_Task to carry out:_ Output a character-exact copy of the data, images removed.

_Record excerpts:_

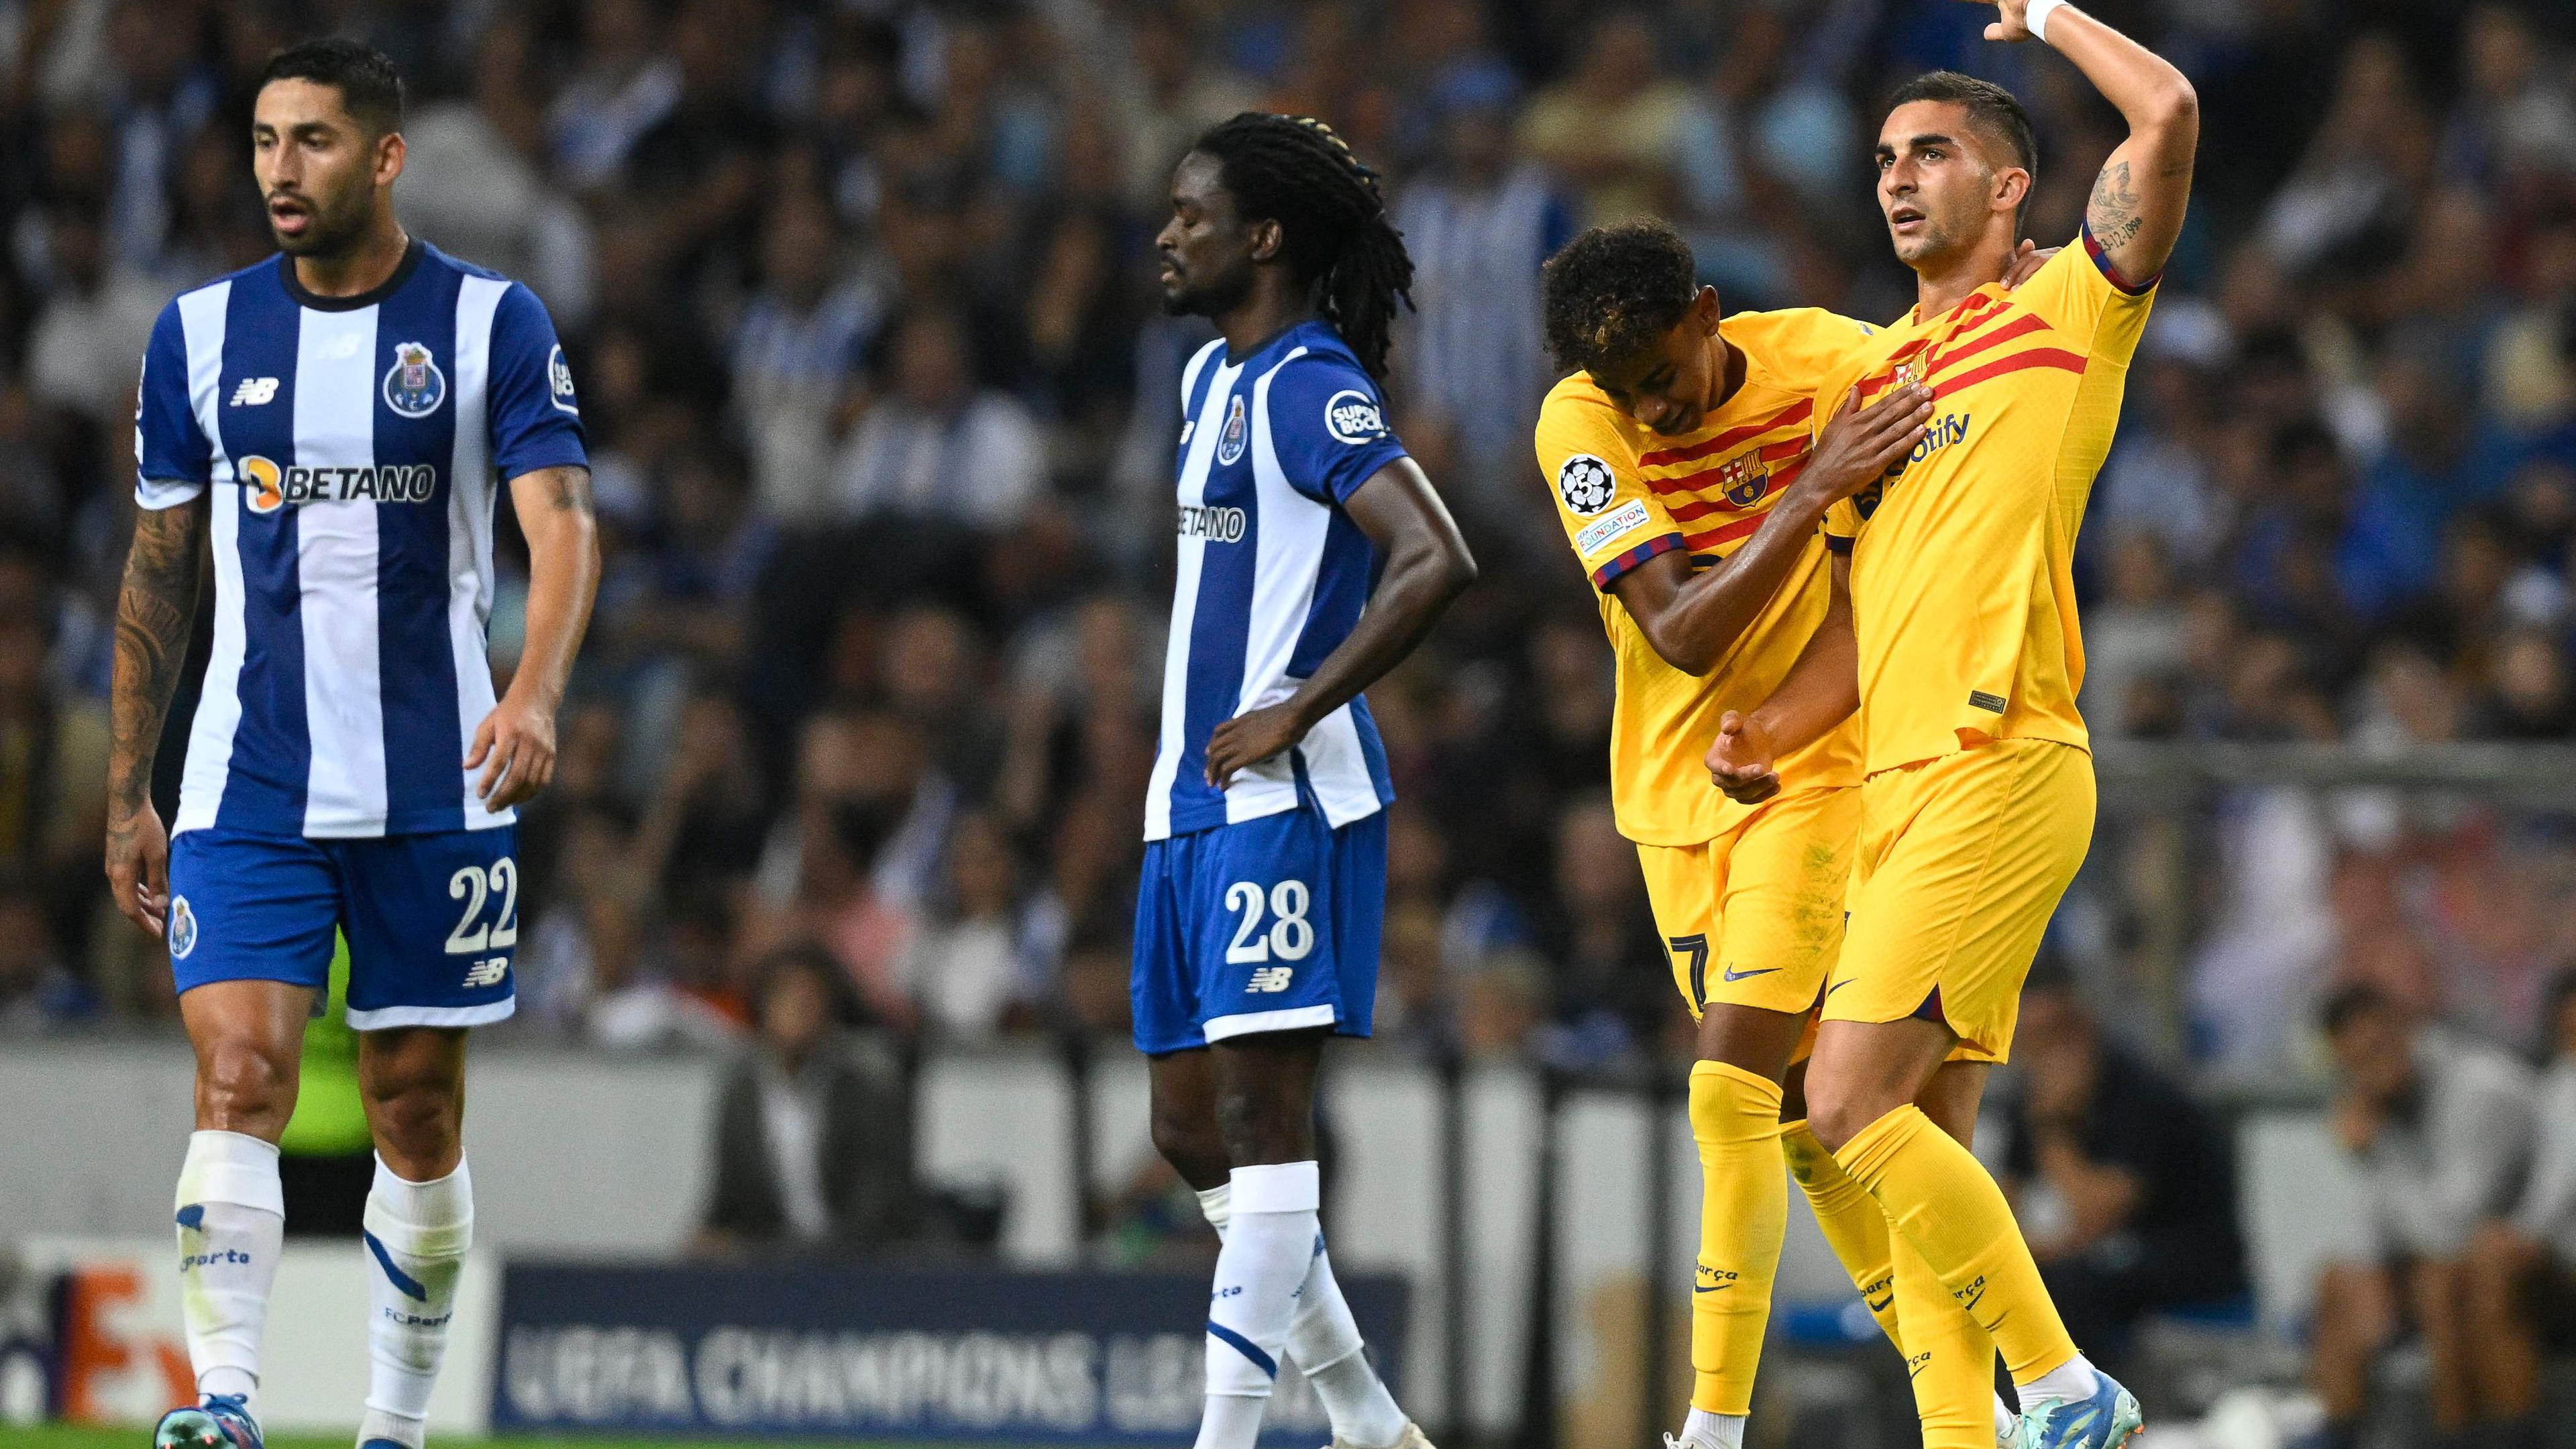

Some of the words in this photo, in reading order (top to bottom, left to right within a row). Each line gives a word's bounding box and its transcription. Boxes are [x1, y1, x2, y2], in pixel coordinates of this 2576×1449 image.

[1911, 413, 1971, 463] otify
[283, 464, 435, 502] BETANO
[1576, 472, 1594, 498] 5
[1178, 506, 1246, 543] ETANO
[1580, 507, 1645, 549] FOUNDATION
[444, 856, 517, 954] 22
[1225, 879, 1315, 965] 28
[1668, 933, 1709, 1014] 7
[506, 1324, 688, 1421] UEFA
[694, 1326, 1097, 1432] CHAMPIONS
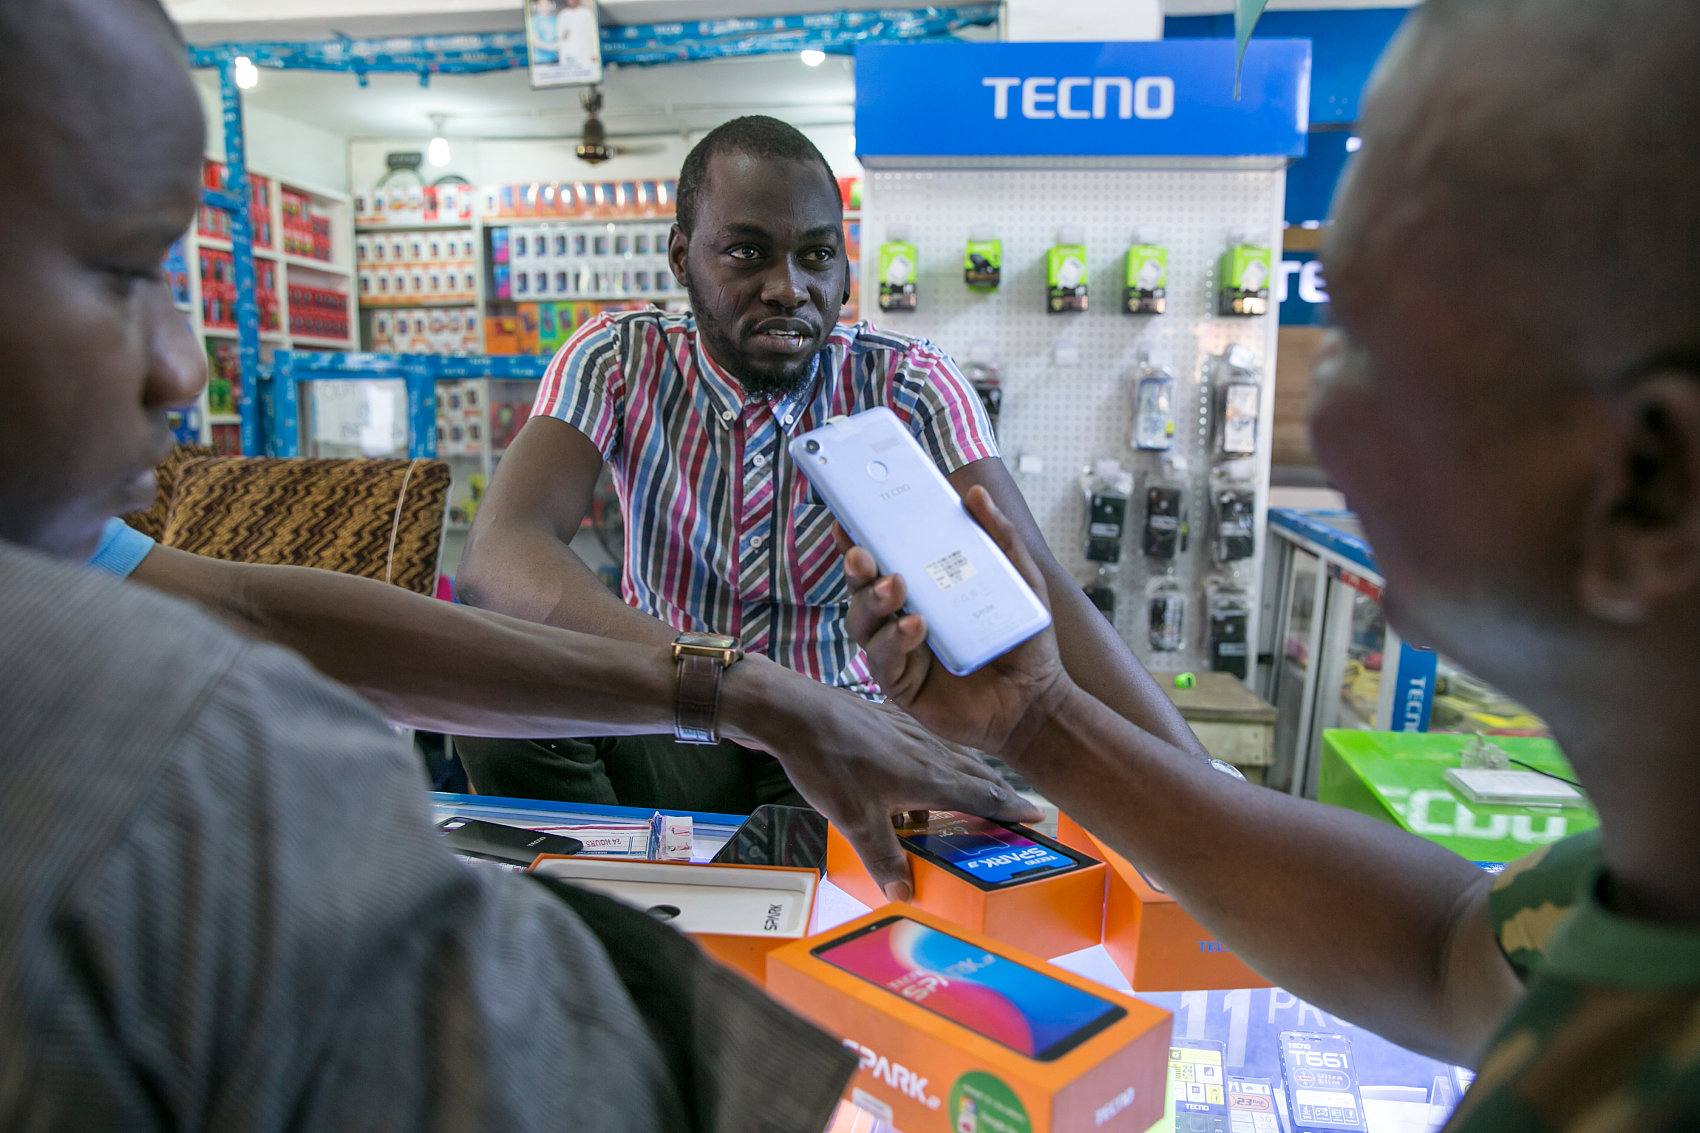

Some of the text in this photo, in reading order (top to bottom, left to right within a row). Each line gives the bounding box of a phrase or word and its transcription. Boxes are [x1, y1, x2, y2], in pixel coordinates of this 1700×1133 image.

_Result:_
Some of the words in this photo, in reading order (top to bottom, left to right within a row). Each line gives a word's bounding box and its transcription. Boxes are [x1, y1, x2, y2], in pixel coordinates of this 2576×1449 image.

[1911, 413, 1971, 463] otify
[283, 464, 435, 502] BETANO
[1576, 472, 1594, 498] 5
[1178, 506, 1246, 543] ETANO
[1580, 507, 1645, 549] FOUNDATION
[444, 856, 517, 954] 22
[1225, 879, 1315, 965] 28
[1668, 933, 1709, 1014] 7
[506, 1324, 688, 1421] UEFA
[694, 1326, 1097, 1432] CHAMPIONS

Some of the text in this photo, in reading order (top to bottom, left to right within a row). Each line gives the bounding box of a phrase or word and its transcription. Boxes are [x1, y1, x2, y2], in pixel coordinates of this 1700×1133 image.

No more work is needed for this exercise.